In addition, historical operations optimized for AIG can also provide some state features. To better utilize this historical operation information, we use a pre-trained single-attention-layer BERT model



Figure 2: Feature extraction and poilcy network architecture

to capture these features. This choice is due to the variable length of historical operations, allowing BERT to convert this variable length into a fixed-length vector, thus capturing the contextual relationships within the optimization flow more effectively. Ablation studies have demonstrated the advantage of this approach. Then, these are concatenated with the normalized scalar features, as shown in the left part of Figure 2, ultimately forming our final features.

## 4.3.2 Behavior Cloning

We use Behavior Cloning (BC) to pretrain our policy based on expert trajectories. The policy network is pretrained to predict expert actions  $a_t$  from the state  $s_t$  obtained via the feature extraction network. The final state feature obtained from the scalar features and the BERT model is a 782-dimensional vector, which is then processed by three fully connected layers: the first maps it to 256 dimensions, the second is another 256-dimensional layer, and the third maps it to a 10-dimensional output. This output is then converted into an action probability distribution for actions using a softmax function.

Let  $\pi_{\theta}^{BC}(a_t|s_t)$  denote a policy parametrized by  $\theta$  that maps states  $s_t$  to a distribution over actions  $a_t$ . Let  $\tau$  represent a trajectory consisting of state and action tuples, i.e.,  $\tau = (s_0, a_0, \dots, s_T, a_T)$ , and  $T = \{\tau(i)\}_{i=1}^N$  denotes a dataset of expert trajectories.

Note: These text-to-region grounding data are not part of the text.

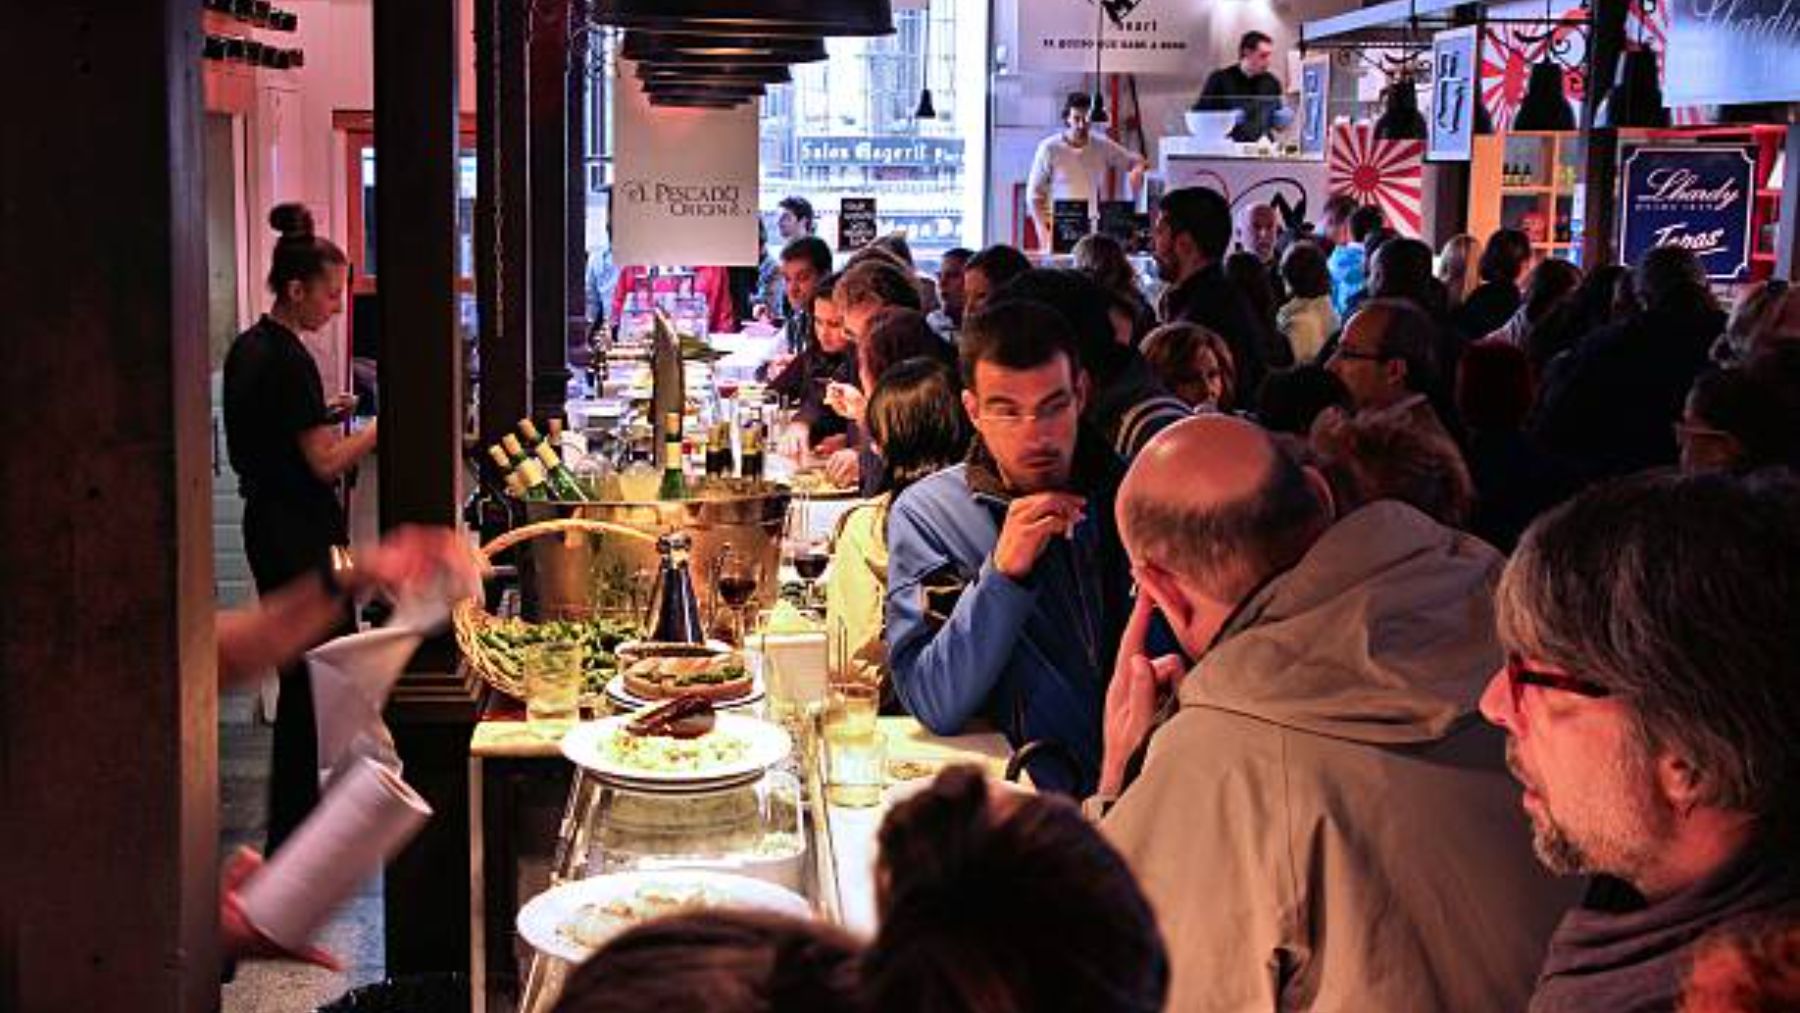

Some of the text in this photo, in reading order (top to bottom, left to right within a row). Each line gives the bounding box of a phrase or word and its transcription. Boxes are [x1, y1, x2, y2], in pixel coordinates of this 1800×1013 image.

[655, 182, 739, 203] PESCADO
[1646, 168, 1739, 211] Lhardy
[670, 202, 750, 216] ORIGINA
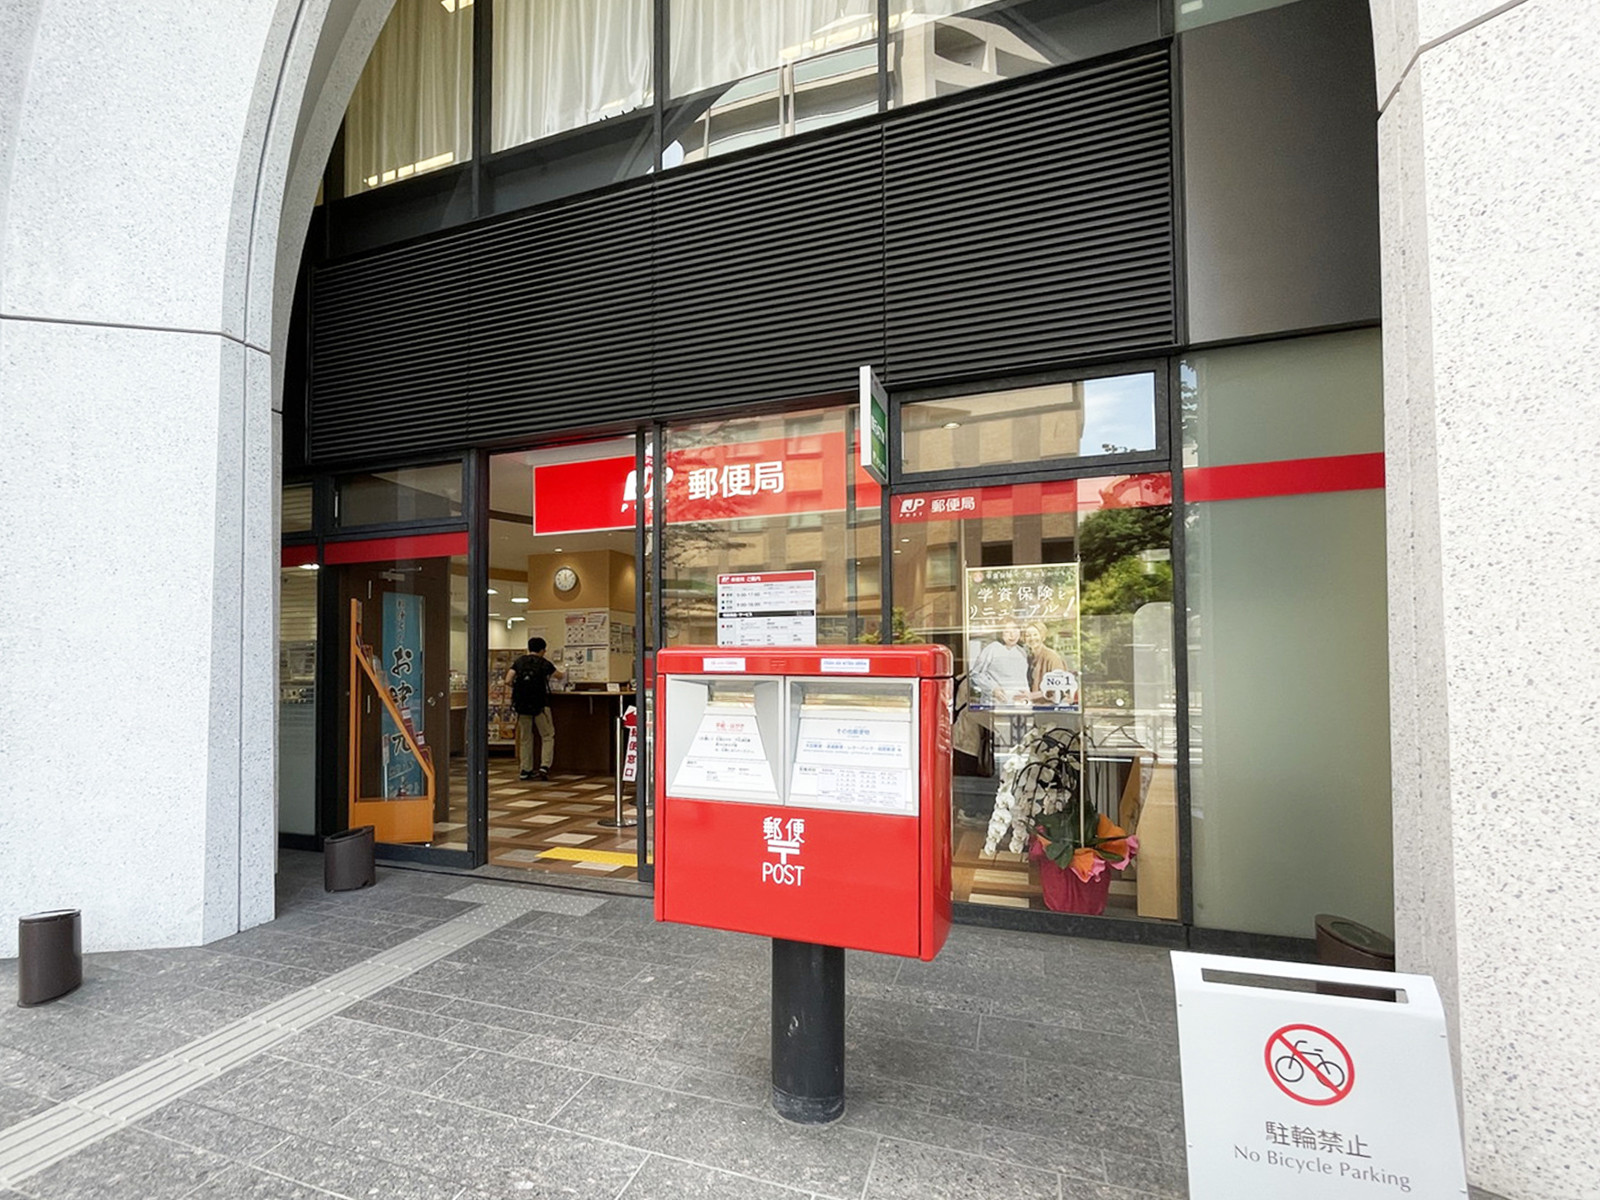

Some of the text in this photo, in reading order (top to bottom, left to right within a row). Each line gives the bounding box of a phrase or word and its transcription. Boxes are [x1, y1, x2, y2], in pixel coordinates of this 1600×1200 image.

[688, 461, 784, 501] 郵便局
[931, 497, 976, 513] 郵便局
[762, 816, 806, 844] 郵便
[762, 861, 806, 887] POST
[1265, 1120, 1372, 1159] 駐輪禁止
[1233, 1144, 1412, 1192] No Bicycle Parking
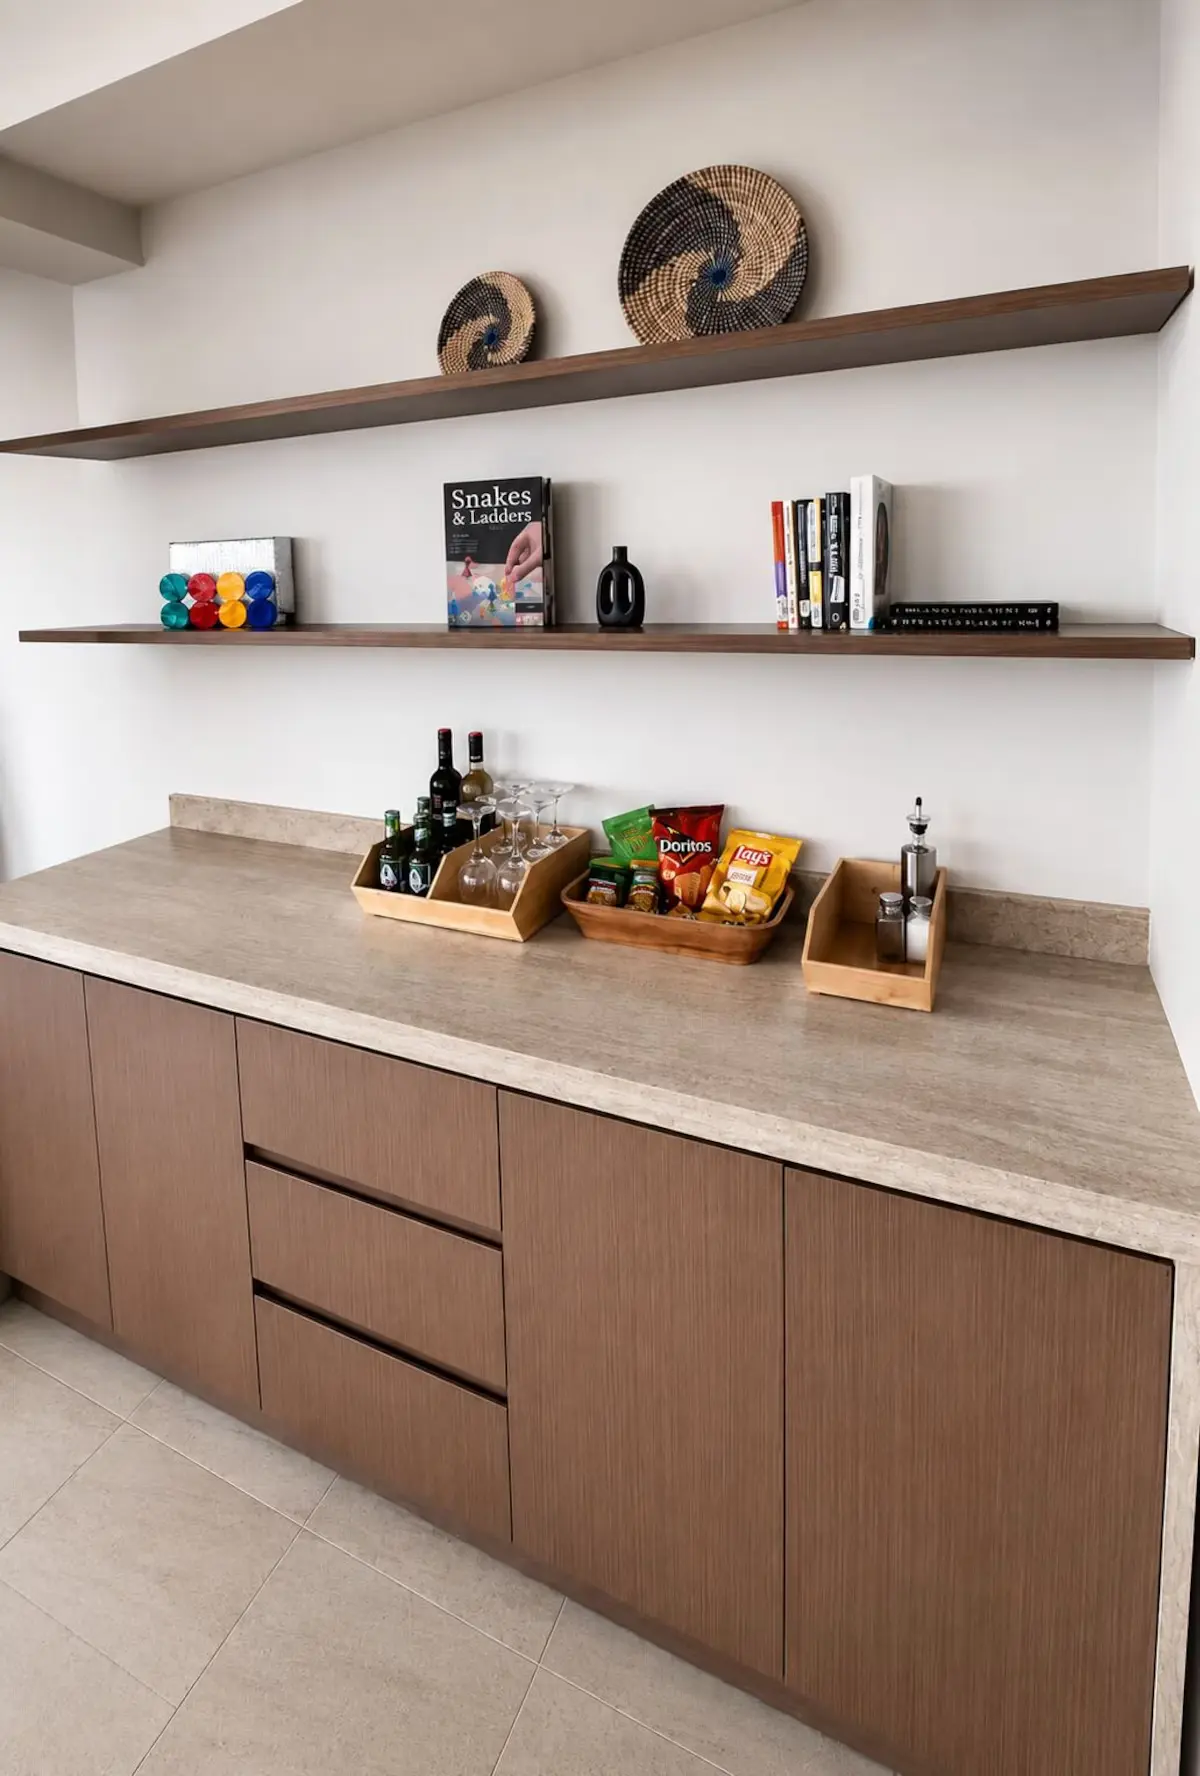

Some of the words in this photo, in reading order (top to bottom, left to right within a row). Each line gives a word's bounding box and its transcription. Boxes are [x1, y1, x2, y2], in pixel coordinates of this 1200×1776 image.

[451, 485, 532, 509] Snakes
[452, 511, 466, 526] &
[469, 508, 532, 525] Ladders
[660, 839, 712, 853] Doritos
[735, 844, 772, 865] Lay's
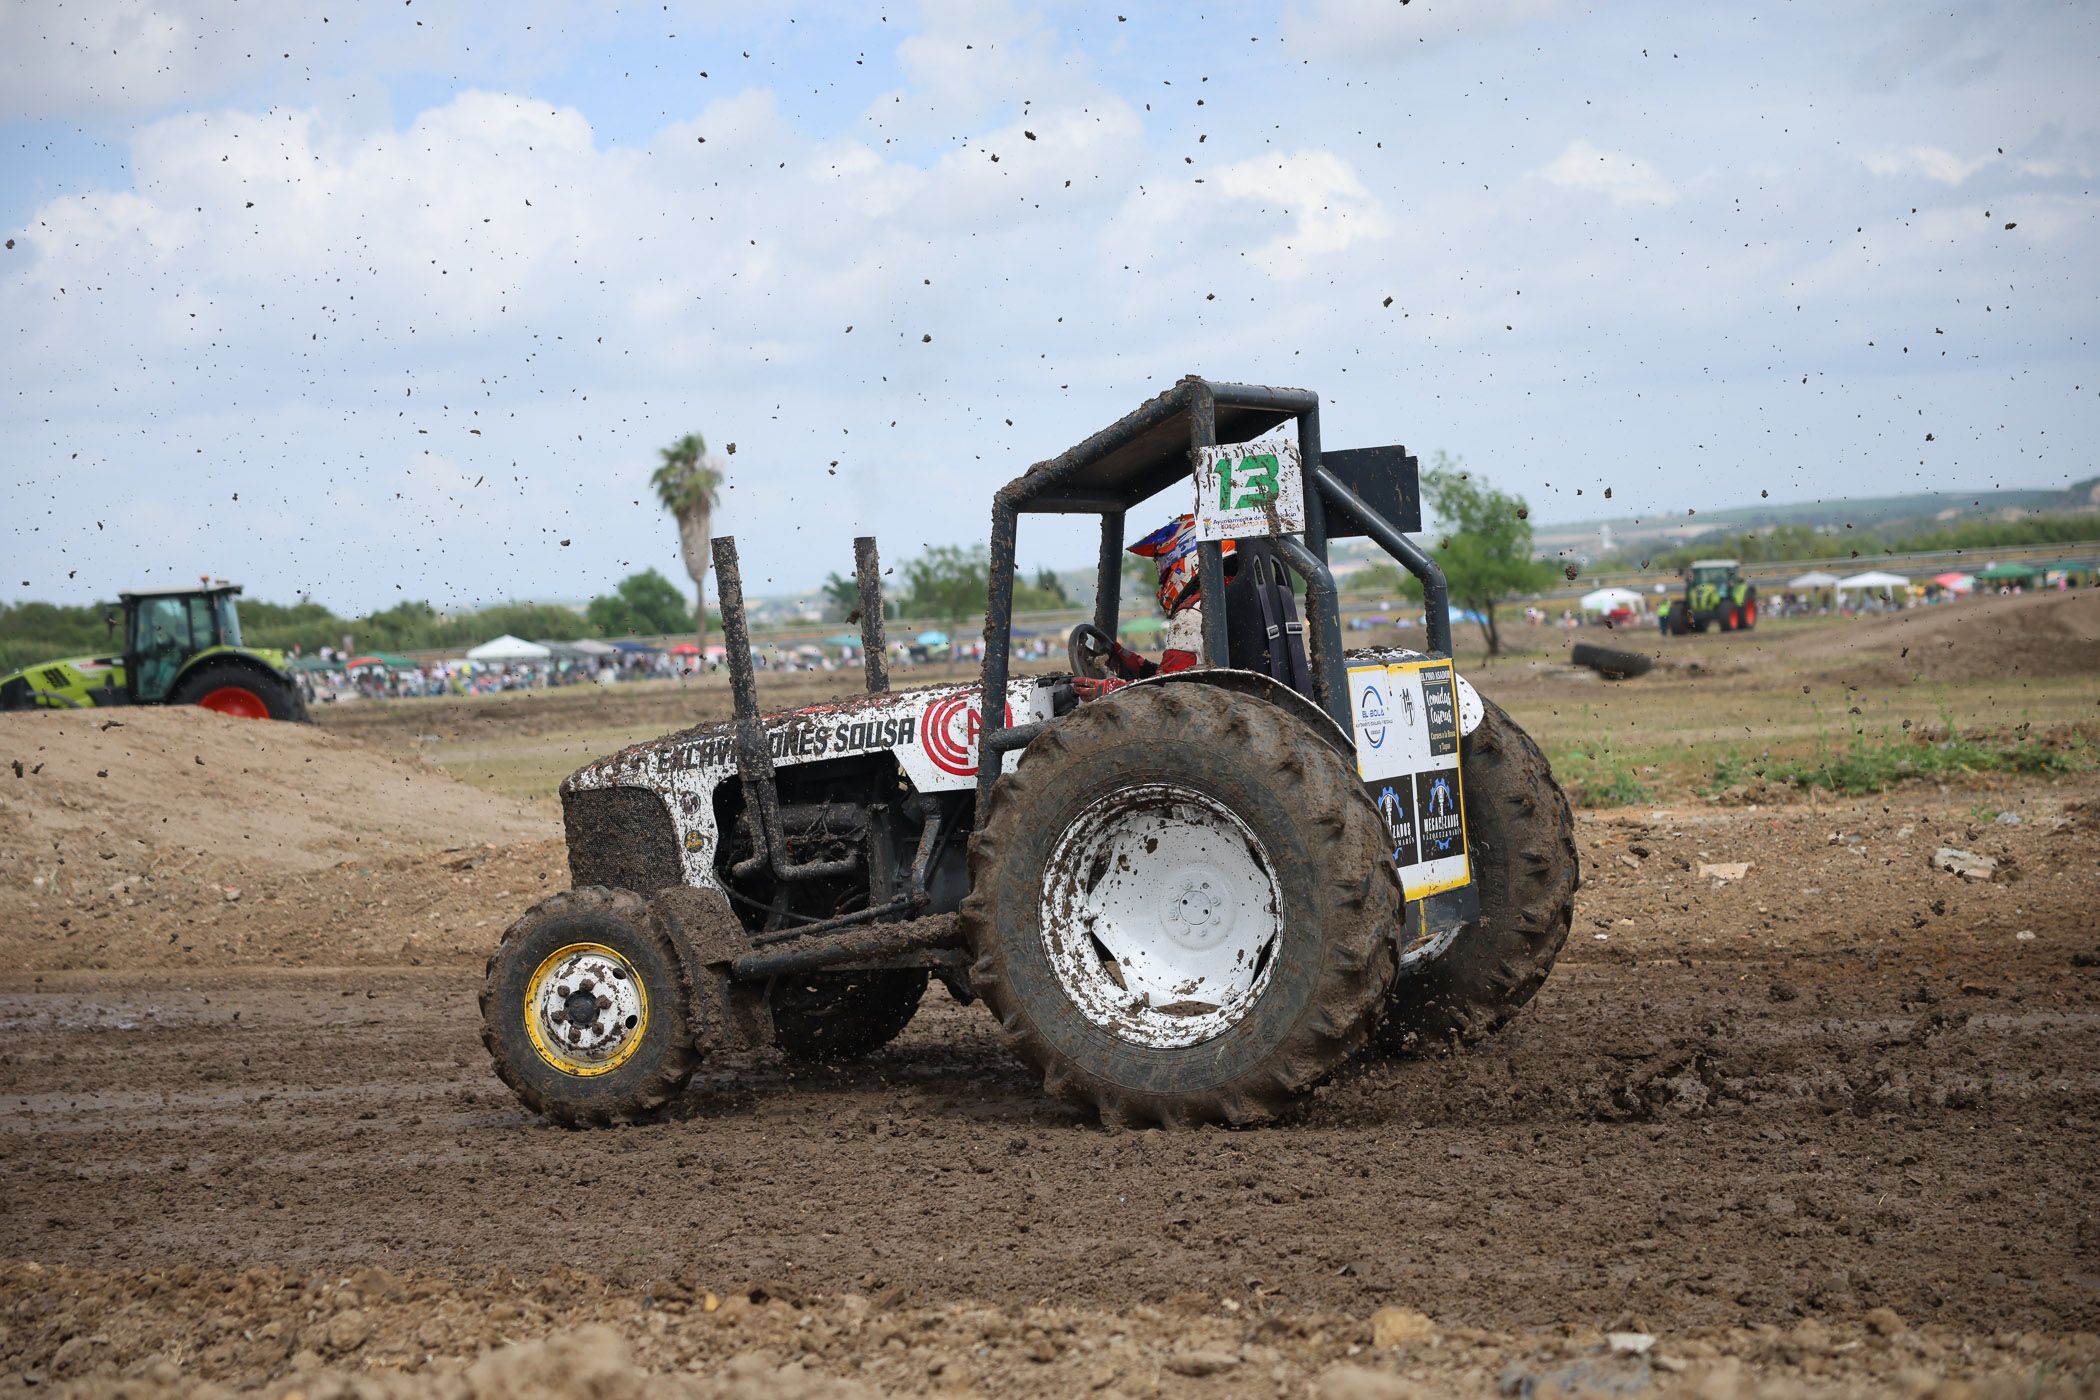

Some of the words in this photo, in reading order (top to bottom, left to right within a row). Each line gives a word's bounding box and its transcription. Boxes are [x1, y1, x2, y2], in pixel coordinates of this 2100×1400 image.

[1213, 453, 1279, 511] 13
[1426, 687, 1451, 706] Comidas
[1362, 710, 1368, 718] EL
[1369, 708, 1384, 717] BOLA
[1430, 707, 1451, 724] Caseras
[835, 717, 916, 752] SOUSA

The first loss function,  $L_{NLP}$ , is defined as the negative log-likelihood of the expert actions under the policy:

$$L_{NLP} = -\sum_{i=1}^{N} \sum_{(s_t, a_t) \in \tau^{(i)}} \log \pi_{\theta}^{BC}(a_t | s_t).$$
(2)

Minimizing  $L_{NLP}$  effectively maximizes the likelihood of the expert actions, aligning the policy outputs closely with the expert's decisions. Then, we introduce an entropy loss  $L_{Entropy}$ :

$$L_{Entropy} = -\sum_{i=1}^{N} \sum_{s_t \in \tau^{(i)}} \sum_{a \in A} \pi(a|s_t) \cdot \log \pi(a|s_t),$$
(3)

where  $a \in A$  represents all possible actions. Minimizing  $L_{Entropy}$  penalizes the certainty of the policy output distribution, making the probability distribution more uniform to ensure the generalization of the model. The total loss is defined as:

$$L_{BC} = L_{NLP} + \gamma L_{Entropy}, \tag{4}$$

where  $\gamma$  is a weighting factor. Through behavior cloning training, we obtain a pretrained policy that imitates the expert's behavior.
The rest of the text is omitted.